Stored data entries
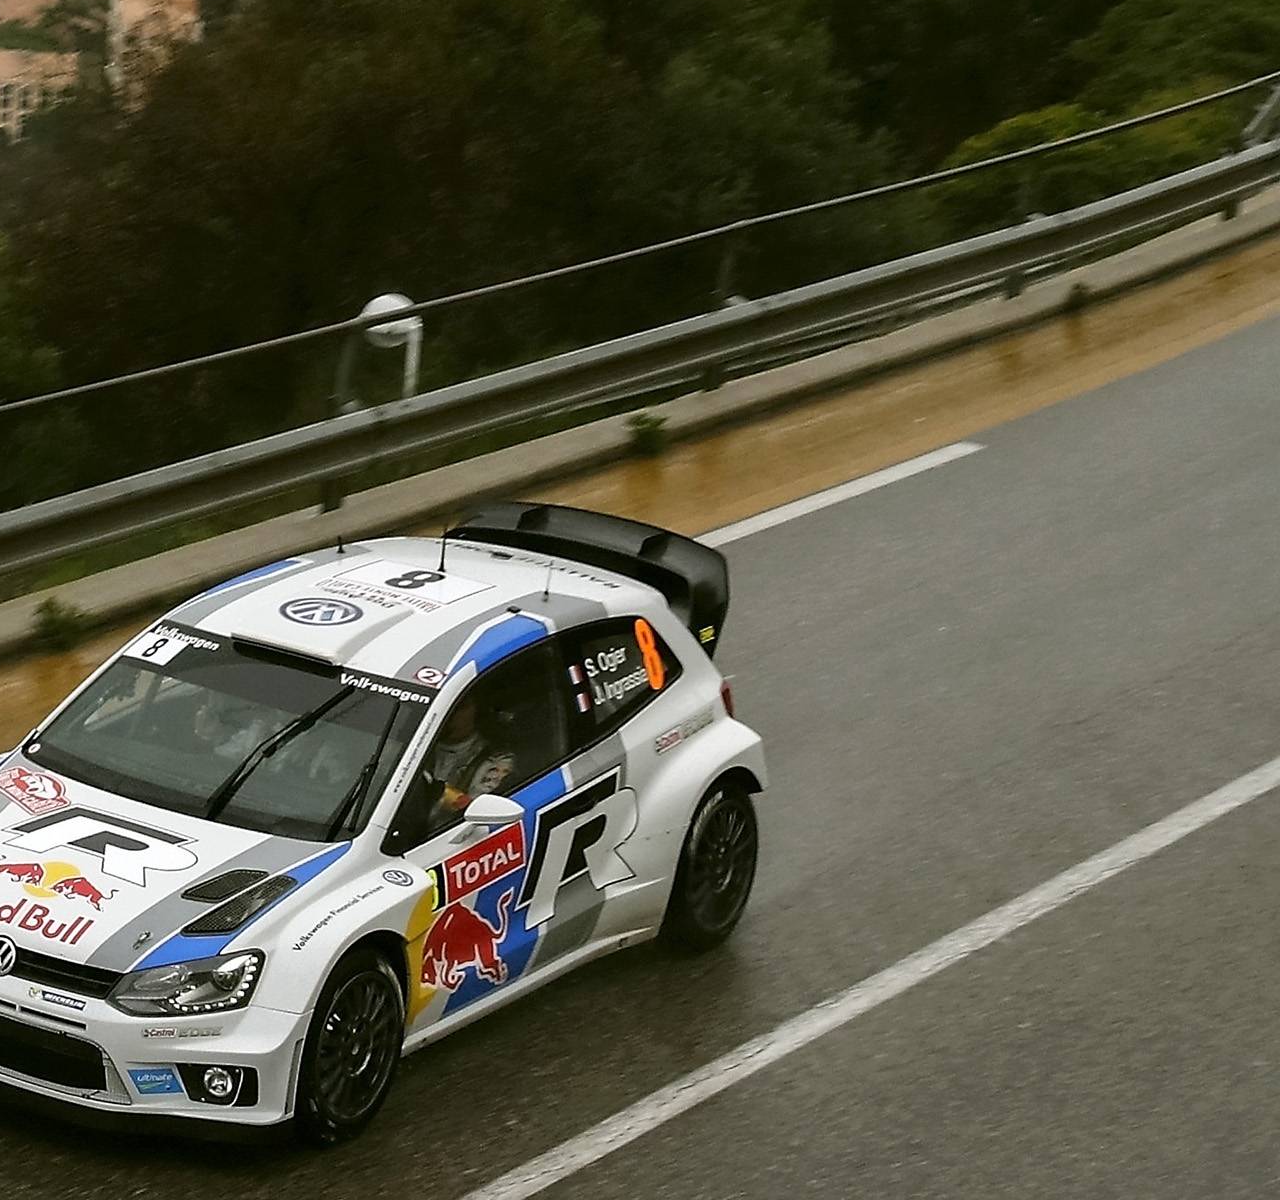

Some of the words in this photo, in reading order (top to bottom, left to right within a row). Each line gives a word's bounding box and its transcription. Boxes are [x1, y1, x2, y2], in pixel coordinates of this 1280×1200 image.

[384, 570, 447, 590] 8
[142, 638, 168, 657] 8
[154, 624, 220, 652] Volkswagen
[584, 657, 600, 677] S.
[597, 647, 627, 673] Ogier
[635, 618, 665, 690] 8
[340, 673, 431, 704] Volkswagen
[423, 669, 437, 680] 2
[449, 841, 521, 889] TOTAL
[292, 914, 333, 952] Volkswagen
[149, 1028, 176, 1037] Castrol
[136, 1072, 174, 1082] ultimate

• _Problem details_
Please give back the data above word for word, with no pictures included.

• _Problem solution_
Some of the words in this photo, in reading order (top to bottom, left to right within a row). Each line gives a word's bounding box and its transcription. Boxes are [x1, y1, x2, y2], in pixel coordinates of this 1280×1200 image.

[384, 570, 447, 590] 8
[142, 638, 168, 657] 8
[154, 624, 220, 652] Volkswagen
[584, 657, 600, 677] S.
[597, 647, 627, 673] Ogier
[635, 618, 665, 690] 8
[340, 673, 431, 704] Volkswagen
[423, 669, 437, 680] 2
[449, 841, 521, 889] TOTAL
[292, 914, 333, 952] Volkswagen
[149, 1028, 176, 1037] Castrol
[136, 1072, 174, 1082] ultimate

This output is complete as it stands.